Ill-advised rules for port 8787

After launching, you’re going to be given an option to create a key pair for SSH’ing into your instance (we’re going to do that using Git BASH). In this example, I’ve called my .pem file jbNew2020.pem and saved it locally under Documents/Projects/aws:

Be sure to remember where you save your .pem file!

Next, by navigating to the running instances in your AWS console, you’ll see your freshly-created EC2 instance initializing - please make a note of the IPv4 Public IP.

Once you’ve got the instance running, you’ll use the IPv4 IP to navigate to your instance from a browser.

SSH Into Your EC2 Instance

Once you’ve spun up your EC2 instance, SSH into it using Git BASH for Windows from your local PC. You can find the instructions for what to type into the command line from the AWS console - it’ll look like this:

The red square encloses the part of the instructions to type into your Git BASH console

Launch the Git for Windows CLI and navigate to the folder where you saved your .pem file - recall that I saved mine under Documents/Projects/aws - and type in the code exactly as the AWS connections instructions state:

$ ssh -i "jbNew2020.pem" ec2-user@ec2-11-11-111-111.compute-1.amazonaws.com

Note that I have replaced my values with 1’s for security purposes.

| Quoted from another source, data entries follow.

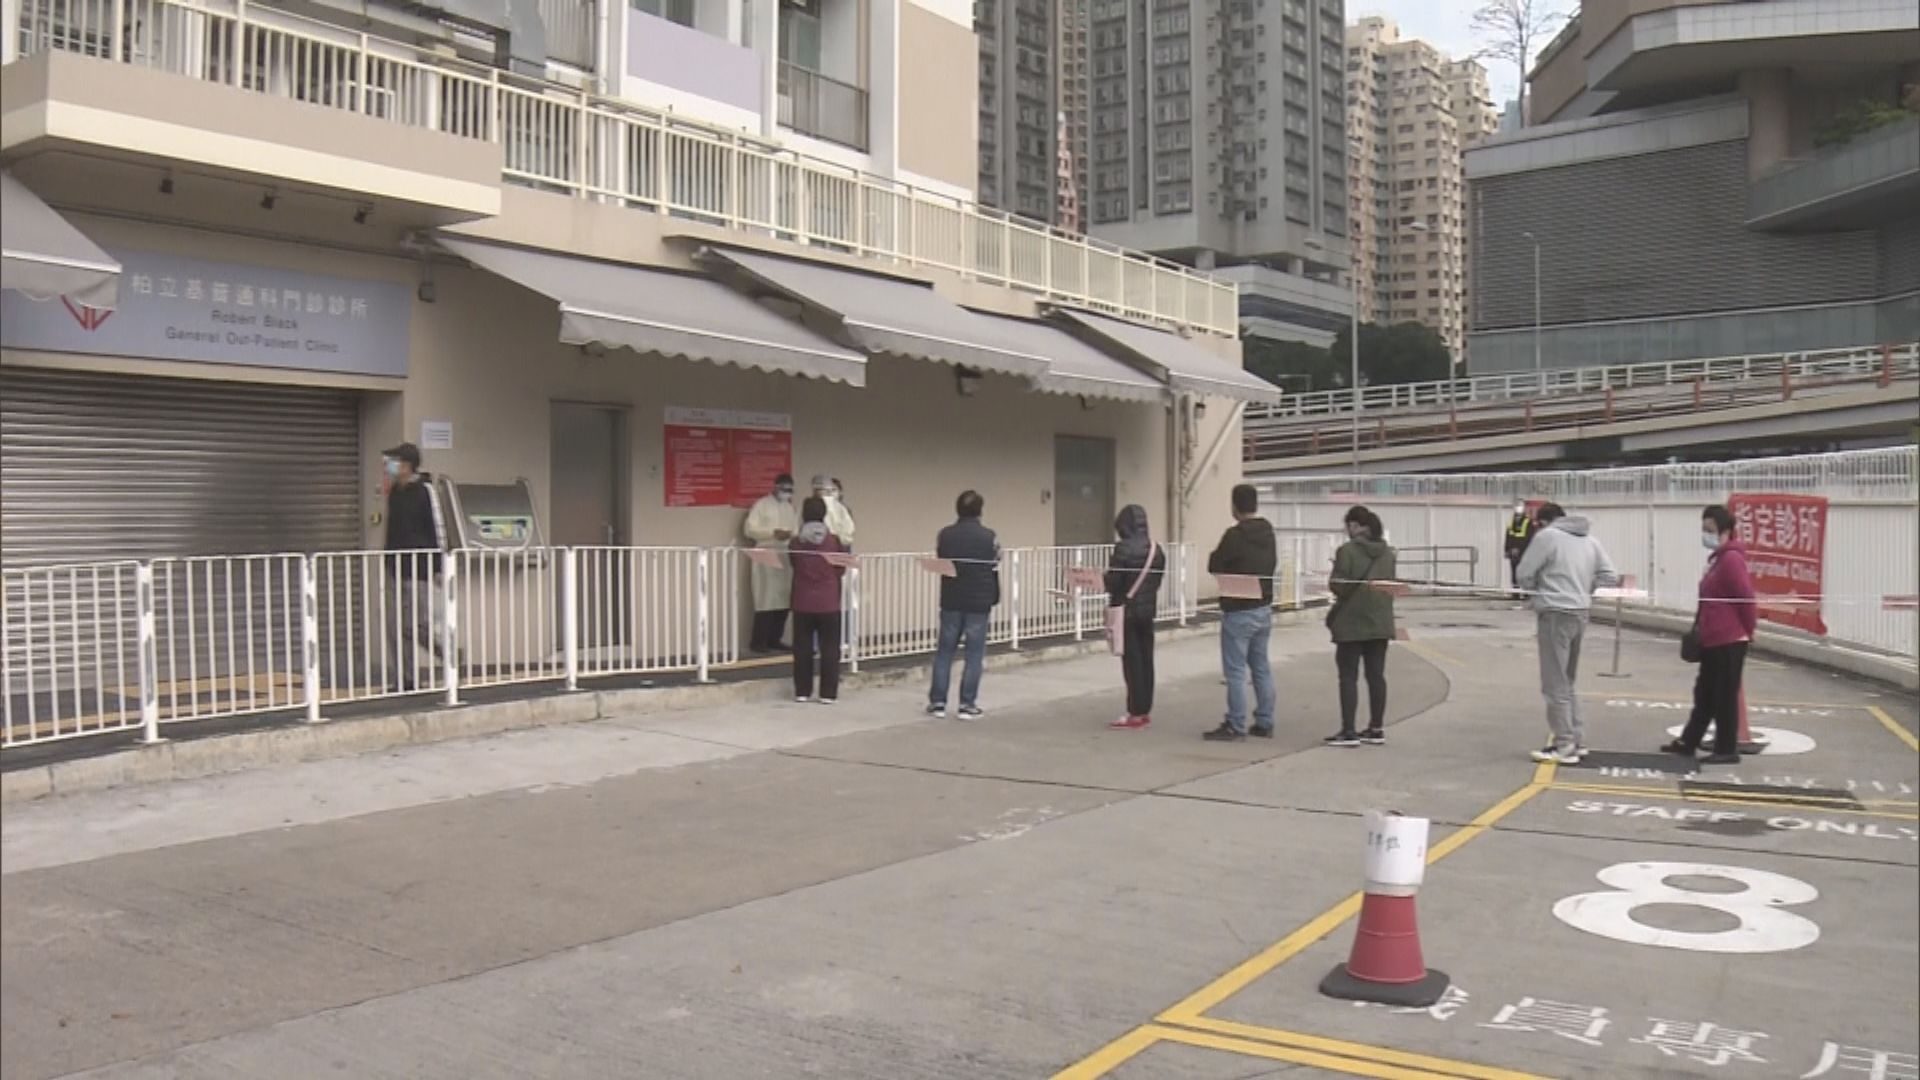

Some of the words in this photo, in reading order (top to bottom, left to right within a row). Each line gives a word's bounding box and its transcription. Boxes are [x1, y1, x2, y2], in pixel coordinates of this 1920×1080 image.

[211, 309, 257, 326] Robert
[263, 314, 298, 330] Black
[165, 325, 221, 344] General
[1734, 501, 1820, 555] 指定診所
[1791, 561, 1819, 584] Clinic
[1566, 800, 1749, 823] STAFF
[1552, 861, 1821, 953] 8

Once pressing enter, you will receive a warning about connecting and it will ask you to confirm - type yes to continue:

Are you sure you want to continue connecting (yes/no/[fingerprint])? yes

Prepare the EC2 Instance and Install Docker

Before you begin, you’ll need to update the baseline code on the instance via:

sudo yum -update

Here’s what my Git CLI session looked like after completing this step:

A bunch of updates will process but when that’s finished, you must install docker:

sudo yum install -y docker

After the download completes, you need to start the service - nothing will work unless you start docker first:

sudo service docker start

After starting docker on EC2 instance, you’ll get OK notices

Start RStudio in the Docker Container

Once those installs from the previous step are done, start RStudio by referencing the rocker/tidyverse repo. When you run the following docker command, you’re broadcasting to port 8787, setting a password for logging in from a browser, and downloading, installing, and starting rocker’s RStudio tidyverse version:

sudo docker run -d -p 8787:8787 -e PASSWORD="YourPWinQuotes" -e ROOT=TRUE rocker/tidyverse

While you’re waiting for things to install you can note that there are several different rocker versions to choose from, each containing different libraries to suit a user’s needs. The standard rocker/rstudio is another option to consider if you’re not big on the tidyverse.

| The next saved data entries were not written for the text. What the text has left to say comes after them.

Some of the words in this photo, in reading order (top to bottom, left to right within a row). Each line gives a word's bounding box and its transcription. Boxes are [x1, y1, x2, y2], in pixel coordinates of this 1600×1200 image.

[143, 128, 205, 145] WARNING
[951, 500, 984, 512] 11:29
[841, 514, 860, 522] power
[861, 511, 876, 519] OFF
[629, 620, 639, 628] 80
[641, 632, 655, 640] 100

Log Into Cloud Instance of RStudio

From your local PC, open a browser, and type the previously noted IPv4 address into the address bar including port 8787. Your IP will be different, but from this post’s example, the URL to navigate to my cloud-based RStudio looks like:

12.456.78.901:8787 

If you set up everything properly, you’ll be taken to this screen:

The RStudio browser-based login

The default user is rstudio and the password, previously set up is YourPWinQuotes - entering in your credentials takes you to the goal of this post: RStudio up-and-running on your very own cloud instance!

Closing Thoughts

The technologies at play here are advanced but as data analytics professionals, if the tools, methods, or platforms are not easy to impliment or use, we may not add them to our daily work.

However, while it may not serve us to know the nitty-gritty details of how Docker, EC2, and all the rest of this stuff works, knowing how they’re used together to access scalable computing power certainly does.

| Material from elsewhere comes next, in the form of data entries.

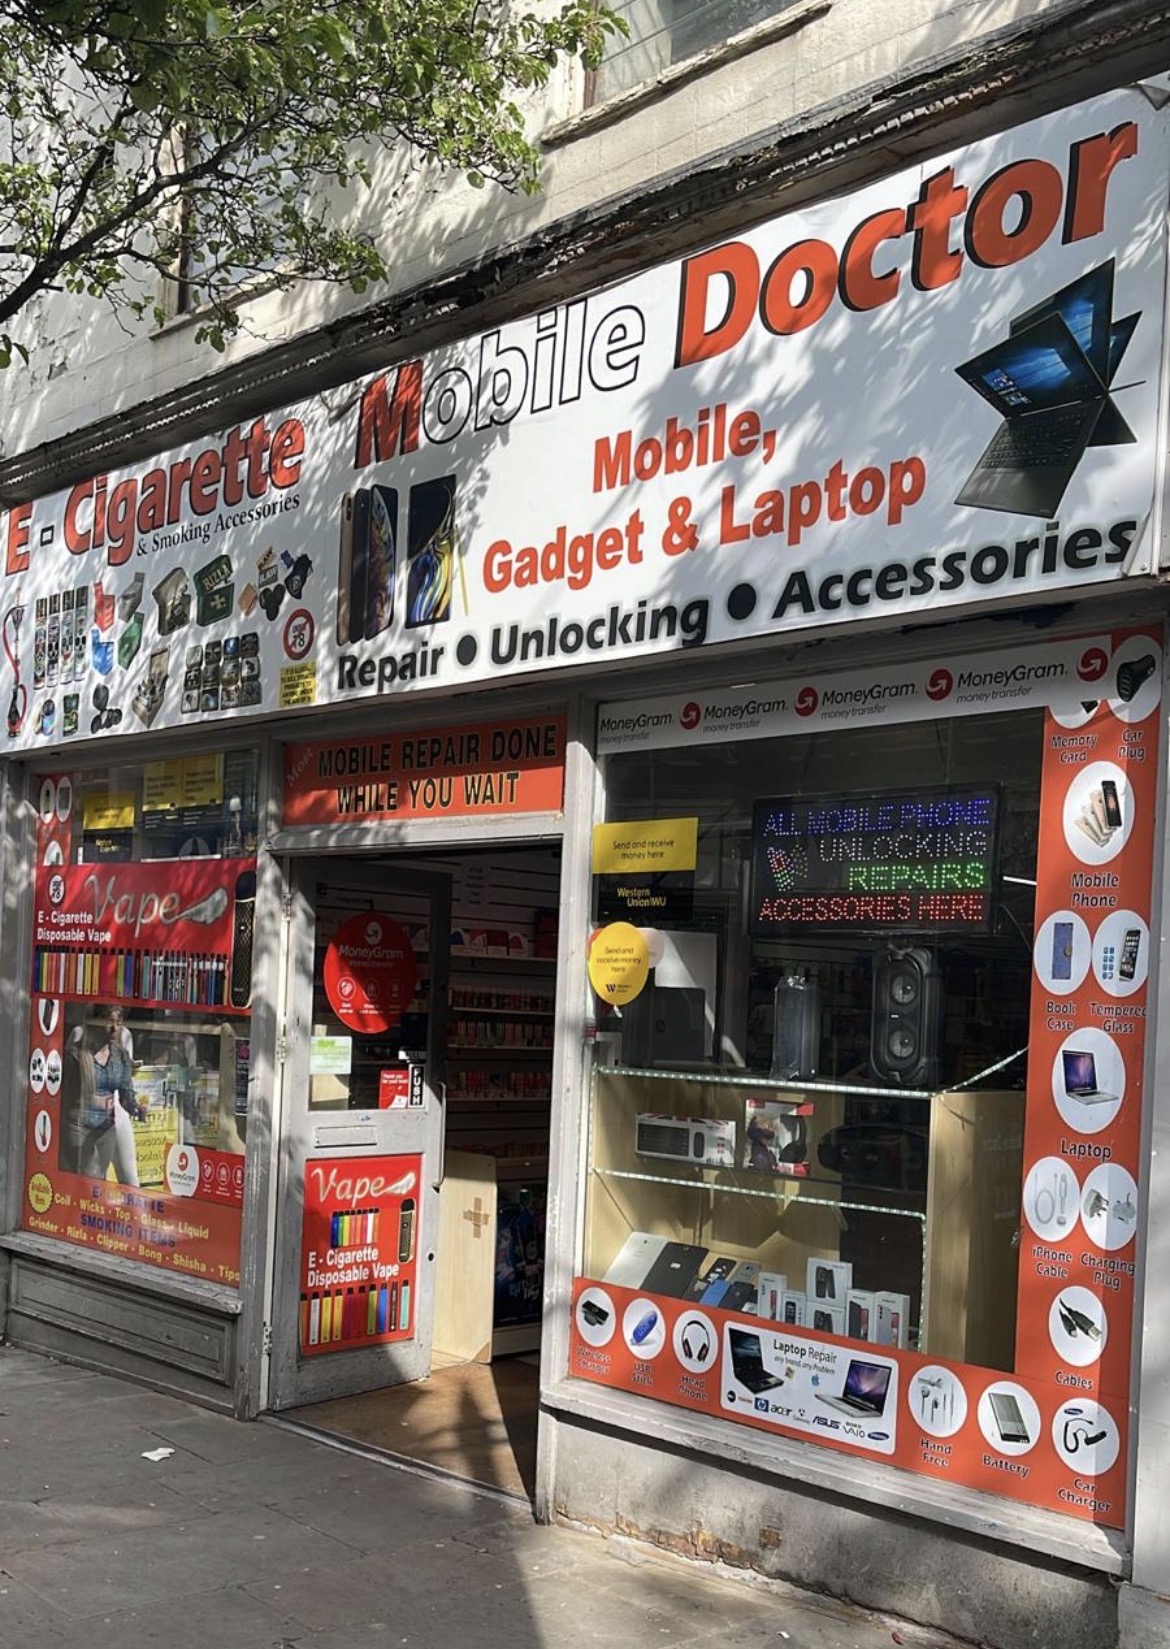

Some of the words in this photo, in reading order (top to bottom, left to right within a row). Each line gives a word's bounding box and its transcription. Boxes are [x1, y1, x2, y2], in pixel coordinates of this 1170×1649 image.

[354, 298, 646, 469] Mobile
[674, 121, 1137, 369] Doctor
[593, 403, 777, 493] Mobile,
[5, 503, 33, 576] E
[64, 417, 305, 566] Cigarette
[137, 537, 148, 557] &
[152, 522, 211, 555] Smoking
[214, 494, 300, 531] Accessories
[483, 508, 644, 594] Gadget
[662, 497, 698, 556] &
[720, 456, 926, 547] Laptop
[203, 563, 231, 591] RIZLA
[338, 641, 444, 694] Repair
[491, 600, 709, 667] Unlocking
[771, 520, 1137, 619] Accessories
[957, 664, 1065, 690] MoneyGram
[822, 681, 915, 709] MoneyGram
[956, 690, 991, 704] money
[991, 685, 1032, 699] transfer
[704, 699, 785, 720] MoneyGram
[821, 707, 850, 720] money
[850, 703, 887, 717] transfer
[600, 713, 672, 732] MoneyGram
[703, 723, 729, 734] money
[729, 719, 760, 732] transfer
[1051, 734, 1097, 749] Memory
[1122, 728, 1143, 743] Car
[319, 743, 391, 778] MOBILE
[402, 733, 480, 771] REPAIR
[491, 724, 557, 763] DONE
[1060, 750, 1087, 763] Card
[1118, 746, 1145, 763] Plug
[338, 781, 398, 814] WHILE
[409, 776, 452, 809] YOU
[464, 772, 520, 806] WAIT
[763, 812, 802, 837] ALL
[808, 805, 893, 835] MOBILE
[900, 799, 990, 829] PHONE
[613, 841, 631, 850] Send
[631, 840, 647, 848] and
[647, 838, 676, 848] receive
[820, 831, 987, 862] UNLOCKING
[621, 852, 646, 860] money
[849, 862, 985, 891] REPAIRS
[1071, 873, 1119, 888] Mobile
[617, 887, 651, 898] Western
[1071, 893, 1117, 907] Phone
[84, 873, 187, 939] Vape
[759, 895, 911, 921] ACCESSORIES
[918, 894, 983, 921] HERE
[37, 911, 44, 923] E
[51, 911, 93, 927] Cigarette
[37, 928, 85, 943] Disposable
[87, 928, 112, 943] Vape
[338, 944, 404, 959] MoneyGram
[1047, 1017, 1074, 1030] Case
[1103, 1019, 1134, 1033] Glass
[411, 1068, 422, 1106] PUSH
[1061, 1140, 1111, 1161] Laptop
[310, 1168, 387, 1208] Vape
[54, 1193, 71, 1206] Coil
[80, 1199, 105, 1215] Wicks
[115, 1207, 131, 1222] Top
[141, 1214, 168, 1229] Glass
[178, 1222, 209, 1240] Liquid
[80, 1214, 133, 1237] SMOKING
[138, 1228, 176, 1248] ITEMS
[29, 1216, 58, 1232] Grinder
[67, 1226, 87, 1241] Rizla
[97, 1234, 128, 1252] Clipper
[138, 1245, 162, 1263] Bong
[172, 1254, 206, 1272] Shisha
[308, 1251, 316, 1268] E
[326, 1246, 378, 1268] Cigarette
[1032, 1246, 1072, 1263] iPhone
[1036, 1263, 1067, 1278] Cable
[1081, 1253, 1135, 1276] Charging
[308, 1265, 369, 1288] Disposable
[372, 1263, 400, 1281] Vape
[1093, 1271, 1121, 1290] Plug
[773, 1339, 807, 1359] Laptop
[808, 1347, 838, 1364] Repair
[634, 1363, 652, 1374] USB
[682, 1375, 706, 1389] Head
[1056, 1371, 1093, 1390] Cables
[771, 1404, 793, 1417] acer
[812, 1416, 842, 1430] ASUS
[842, 1425, 866, 1439] VAIO
[921, 1438, 952, 1455] Hand
[923, 1452, 948, 1467] Free
[983, 1455, 1029, 1479] Battery
[1074, 1478, 1097, 1493] Car
[1057, 1489, 1112, 1513] Charger

As previously mentioned, there are tons of IaaS options out there so it can be difficult to decide which IaaS to go for. With Docker, regardless of which IaaS you choose, you’ll have the means to easily run RStudio on any of them.

If you’re very new to this topic, there’s a lot of information that I have glossed over so I have included a few resources in the references to get you started. Also, if the whole idea of Docker seems too intense, I’ve included reference to a pre-built RStudio AMI maintained by Louis Aslet - you can build your EC2 instance from one of these AMIs and skip Docker altogether - it’s got detailed video instructions, too!